Chapter 22 Kess #2

"Don't." The word cuts through the air like a blade. "Don't you dare be angry that I kept something from you."

He goes still. Reading the danger in my posture, in my voice, in the way I'm looking at him like I've never seen him before.

"I'm pregnant," I say, and watch his face go carefully blank—not surprised, not confused, just empty in a way that tells me everything I need to know. "And you knew. You've known for weeks. The mystic told me everything."

The silence stretches between us, heavy and sharp-edged, full of all the words neither of us is saying.

"Yes," he says finally. No denial. No excuses. Just that single word, heavy as a stone dropped into still water.

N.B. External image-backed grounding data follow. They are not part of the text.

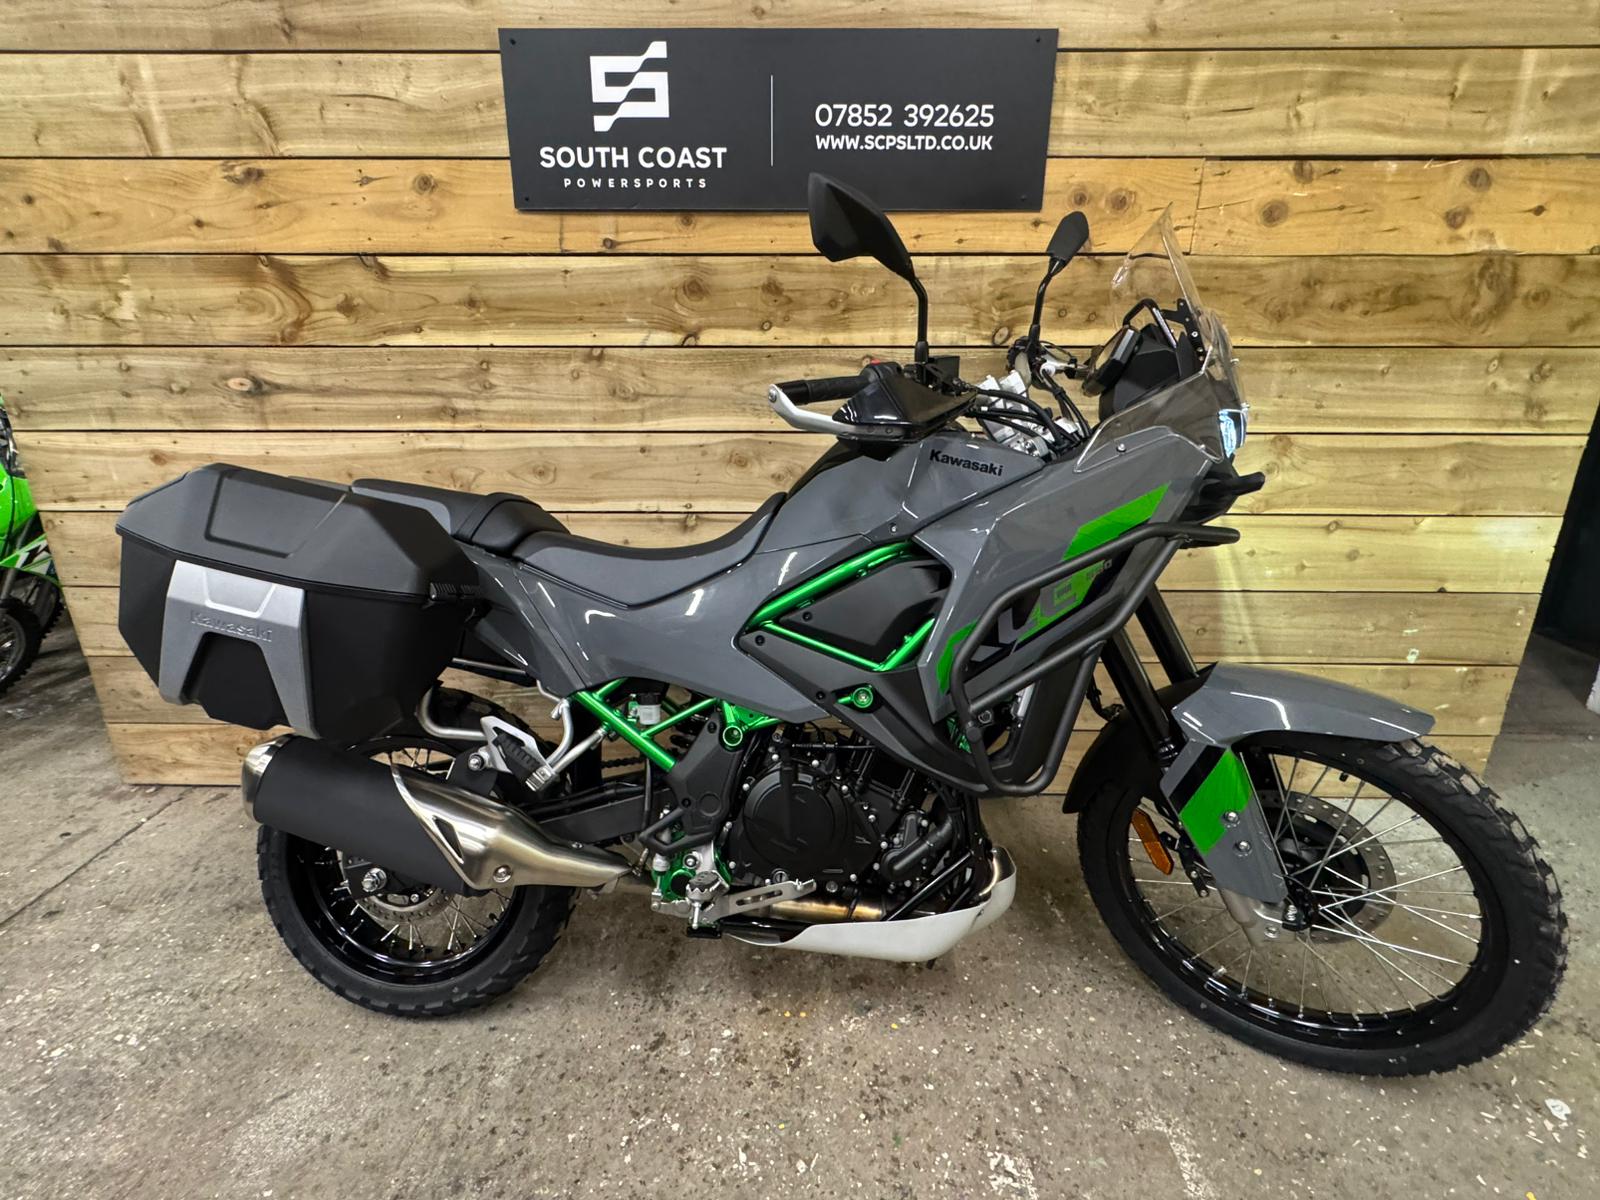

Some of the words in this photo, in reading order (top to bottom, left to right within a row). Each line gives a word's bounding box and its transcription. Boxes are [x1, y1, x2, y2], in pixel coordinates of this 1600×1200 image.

[815, 103, 892, 127] 07852
[904, 103, 994, 127] 392625
[816, 135, 993, 151] WWW.SCPSLTD.CO.UK
[540, 147, 628, 169] SOUTH
[638, 147, 727, 169] COAST
[563, 178, 706, 189] POWERSPORTS
[929, 449, 1003, 476] Kawasaki
[191, 610, 271, 642] Kawasaki

"You've been poisoning my tea to weaken our bond while I carried your child without even knowing it existed."

"Yes."

"That's all you have to say?"

"What would you have me say?" He moves around the desk, not approaching me, just putting himself in open space where I can see all of him—no barriers, no defenses, nothing between us but air and anger and the wreckage of everything I thought we were building.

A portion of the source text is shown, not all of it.